Note: This interview was conducted through an interpreter and has been lightly edited for clarity.
When did you start playing golf?
I was holding the club when I was 3, but I didn’t really start playing until about 7. Both my parents played golf.
You turned pro in 2015 as a 17-year-old, then played a few seasons on the Japan Tour. When did you decide you wanted to make the move to America?
It really wasn’t until I found out I was exempt into second stage of Web.com Tour Q school [in 2017]. Second stage was my first time ever being in, or playing golf in the United States.
What has your adjustment been like to America? The culture, the language?
I’m living hotel to hotel, and I do my best to find Korean restaurants in every city. Plus, it’s not my first time being on tour in a foreign country. I played two years on the Japanese Tour, and it was the same situation.
How do the Korean restaurants in America hold up to the real thing?
Almost the same!
If you don’t have a place in the U.S., what do you do on off weeks? For instance, you didn’t play the week of the AT&T Pebble Beach Pro-Am—so what did you do?
I spent two days in Palm Springs practicing at PGA West, then after that I came to L.A. a few days early. It’s hotel to hotel, and I have to find a golf course that will host me for the week.
Do you have any desire to buy a place in the U.S.?
I prefer hotel to hotel.
After the season, I go back home. So when I go back home, I’ll stay for a couple months. I just prefer to be in hotels here, when I’m working, then I get comfortable at home after the season.
Did anything surprise you about playing in the U.S.?
I was surprised to play with all the guys I grew up watching on TV. That was definitely a bit shocking, and then just the purses over here are nothing like I played for before. The whole thing just feels very prestigious.
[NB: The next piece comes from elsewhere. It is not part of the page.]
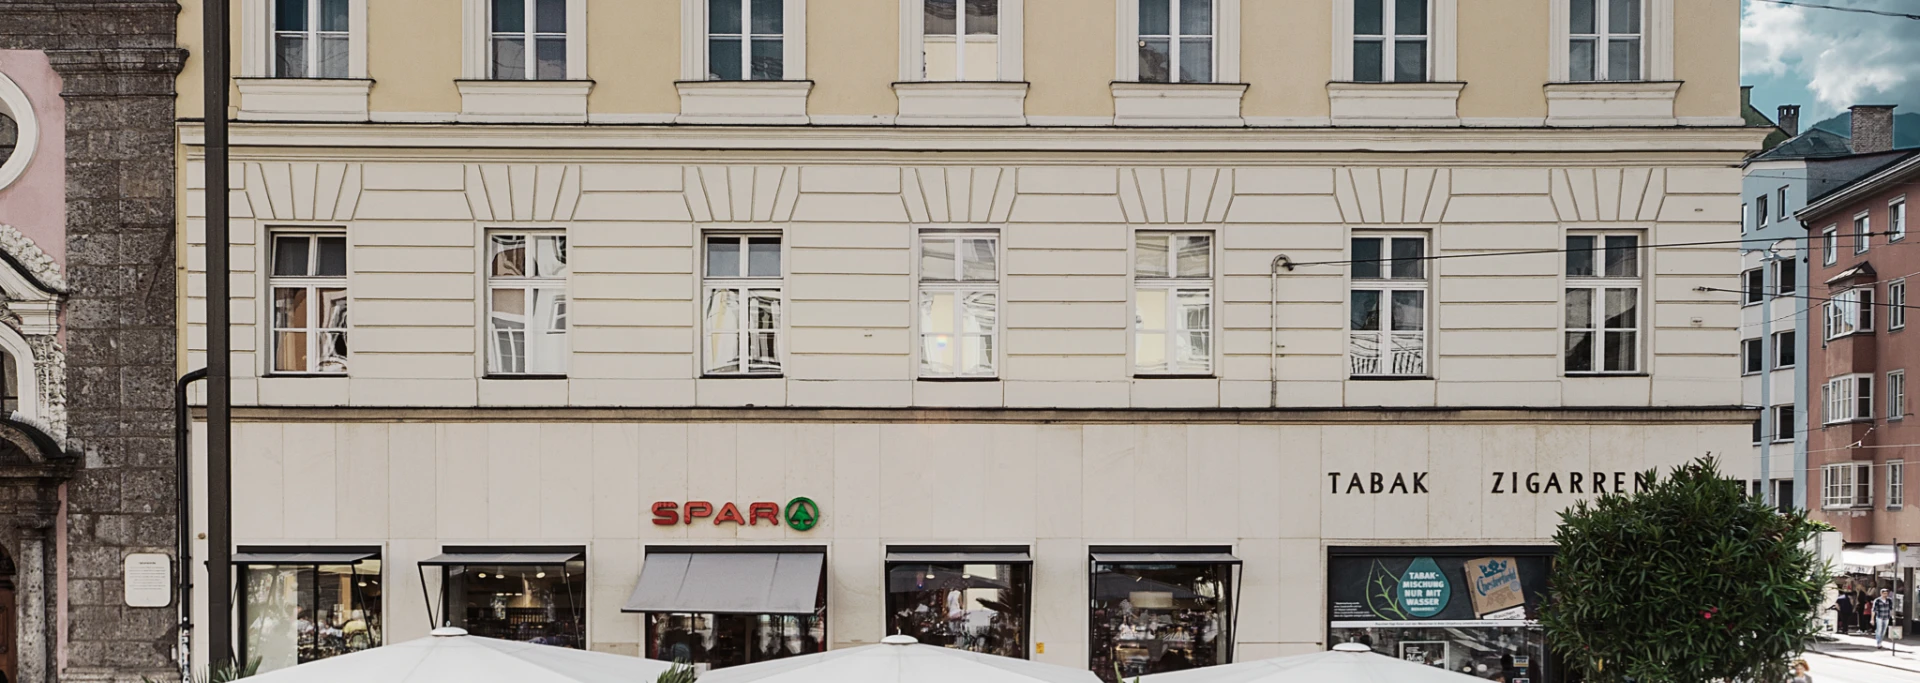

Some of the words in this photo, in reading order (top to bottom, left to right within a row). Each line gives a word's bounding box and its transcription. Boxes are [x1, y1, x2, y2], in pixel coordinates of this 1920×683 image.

The very best.
I don’t think you’ve played with Tiger yet, but have you met him?
Yeah, never played with him before, but I’ve said hello here and there at different tournaments. I finally properly met him at the Presidents Cup.
Speaking of the Presidents Cup, you have quite the debut. What was that experience like?
It was so different. The only thing I cared about that week was how I could help the team. And I think in a weird way that actually helped me focus more on my play.
Do you have friends you hang out with on tour?
It’s interesting, in Korean culture you don’t really hang out with guys who are a different age. I have a lot of acquaintances, but not many guys of the same age. Joaquin Niemann—he’s the same age as me, so I feel comfortable around him. But I mostly just hang out in the hotel.
You must be pretty good at spending time alone then.
Well, my parents travel with me to every event. We get two hotel rooms. One for them, one for me.
You’ve won the rookie of the year and had a nice start to your career, but you’re still looking for that first win. What needs to change for you to get over the hump?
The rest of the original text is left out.